For some Aloha workers, loss of insurance is disaster

Lisa Papapa was diagnosed with multiple sclerosis in August, lost her job as an Aloha Airlines flight attendant last month and today will look for a new career – mostly for the medical benefits to cover the $1,049 monthly cost of her MS medication.

Lisa Papapa was diagnosed with multiple sclerosis in August, lost her job as an Aloha Airlines flight attendant last month and today will look for a new career – mostly for the medical benefits to cover the $1,049 monthly cost of her MS medication.

“I’ve never felt so not in control of my life,” said Papapa, 39, whose 19-year dream job as an Aloha flight attendant died on March 31 when the company ended its passenger operations.

Like most of the 1,900 other former Aloha employees, Papapa has begun starting over even as she grieves the loss of the job she loved and the co-workers she came to know as family.

For former Aloha employees like Papapa who are dealing with serious medical issues, the search for a new job carries even more urgency because they rely on health coverage to pay for costly medications, doctor visits, lab tests and treatment.

Former flight attendant Rod Nakabayashi has lost 10 percent of his kidney function as a result of diabetes and needs kidney and pancreas transplants. He undergoes dialysis three times a week at the Rehabilitation Hospital for the Pacific.

Nakabayashi estimates that each session costs $1,500.

He has no idea how he’ll pay for them without Aloha’s health plan.

“Everything’s still so fresh,” said Nakabayashi, 49. “We’re working with a social worker. But we’re still trying to figure everything out.”

Meanwhile, as they worry about their health, Nakabayashi and Papapa also face the same money and housing issues as their former colleagues.

Nakabayashi and his wife, Mercy, for instance, will rent out their three-bedroom, 2 1/2-bath home in ‘Ewa Beach because they can’t afford the $1,980 monthly mortgage payment without Rod’s Aloha paycheck.

They’ll move in with Mercy’s family into a two-story, six-bedroom, four-bath house in Salt Lake already crowded with eight people.

“There’s my brother, my brother’s wife, his three kids, my sister-in-law’s mother and father,” Mercy said. “And my mom lives in that house, too. Then you’re going to add Rod and me and my dog. We like our privacy. But we have no choice.”

Relief may come today for some Aloha employees at a job fair organized for them by the city and First Hawaiian Bank at the Blaisdell Center Exhibition Hall.

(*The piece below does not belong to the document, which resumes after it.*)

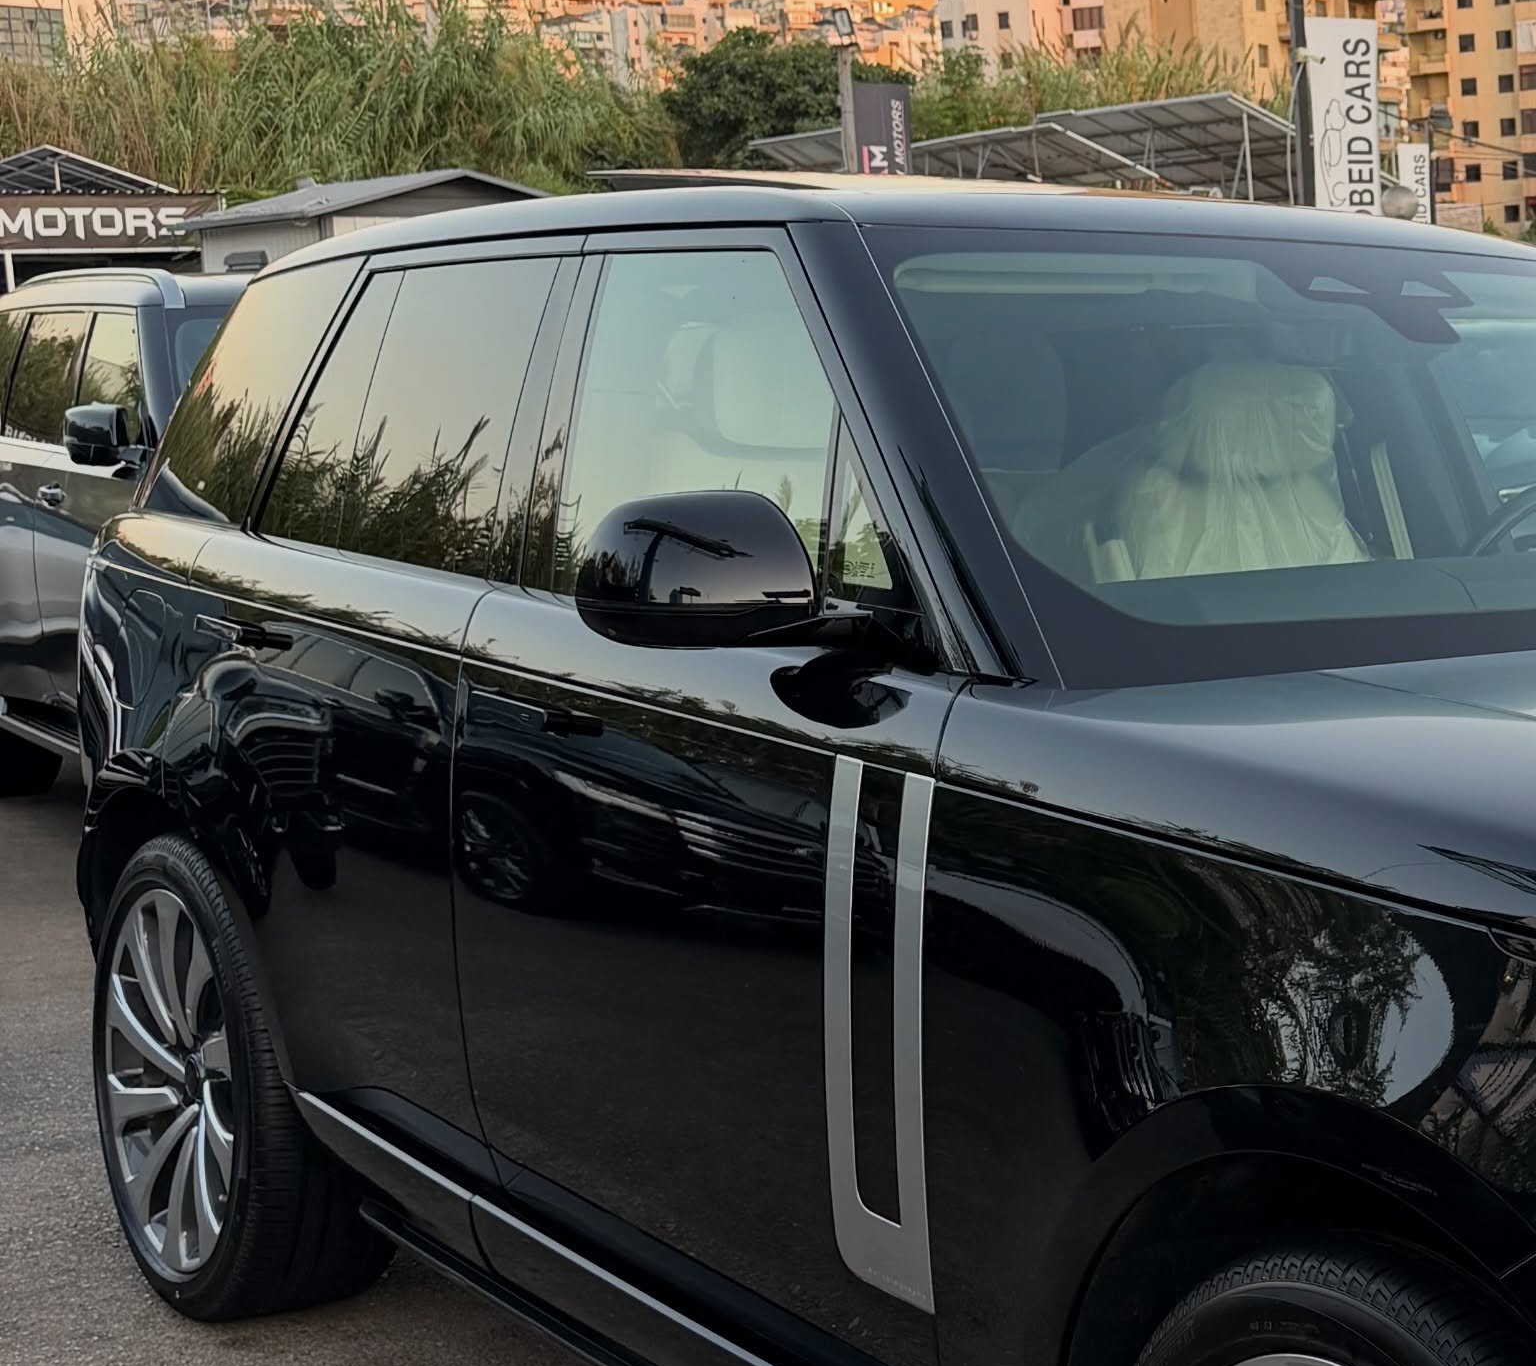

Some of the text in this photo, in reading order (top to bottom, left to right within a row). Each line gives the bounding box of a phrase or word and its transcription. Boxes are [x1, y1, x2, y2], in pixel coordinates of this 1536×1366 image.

[890, 99, 905, 165] MOTORS
[1343, 38, 1375, 215] BEID CARS
[1414, 154, 1427, 198] CARS
[0, 207, 187, 241] MOTORS

Papapa will be there, as will her friend, Gail Garcia, another former Aloha flight attendant. Garcia also needs a job that comes with medical coverage, especially for her youngest daughter, Liberty, 8, who was hospitalized as an infant with a pulmonary virus and currently suffers from asthma.

Garcia, 46, is finding it hard to muster enthusiasm about switching careers after 20 years as a flight attendant – and dreads the emotions that will come when she sees her former colleagues at the job fair.

“It’s hard,” Garcia said. “You try to heal and then you go to (the unemployment office) and you see them again. It’s part of the process, I guess. But it’s like a funeral that never ends.”

Papapa is torn over whether to disclose her illness to the 190 organizations and businesses today that will try to lure former Aloha workers in one of the tightest job markets in the country. She wants to be forthcoming. But she doesn’t want to hurt her chances of getting hired.

“That’s my big concern,” she said.

Mike Nauyokas, a mediator and one of Hawai’i’s leading employment and labor lawyers, said Papapa and other job seekers have no reason to fear.

“They don’t have to talk to future employers about any of that,” Nauyokas said. “Their medical records and background are protected by HIPA (the Health Insurance Portability and Accountability Act of 1996.) It’s a federal statute that protects the confidentiality of medical records.”

Even part-time jobs will come with health coverage for people with serious illnesses and injuries.

“Under the Hawai’i Pre-paid Health Care Act, after they work 20 hours a week or more for four consecutive weeks the new employer is obligated to provide the new employee with health insurance at the earliest possible date after those four consecutive weeks,” Nauyokas said. “There’s no exception for pre-existing conditions.”

Former Aloha workers who don’t find new jobs can get health coverage – at a high cost – under COBRA, the Consolidated Omnibus Budget Reconciliational Act.

“It’s a federal statute that requires employers with 20 or more employees, which would include Aloha Airlines, to provide notice to employees that they’re eligible for continued coverage of their existing health insurance if a qualifying event occurs,” Nauyokas said. “The qualifying event here would be the layoff of Aloha employees and the cut-off of their health insurance.”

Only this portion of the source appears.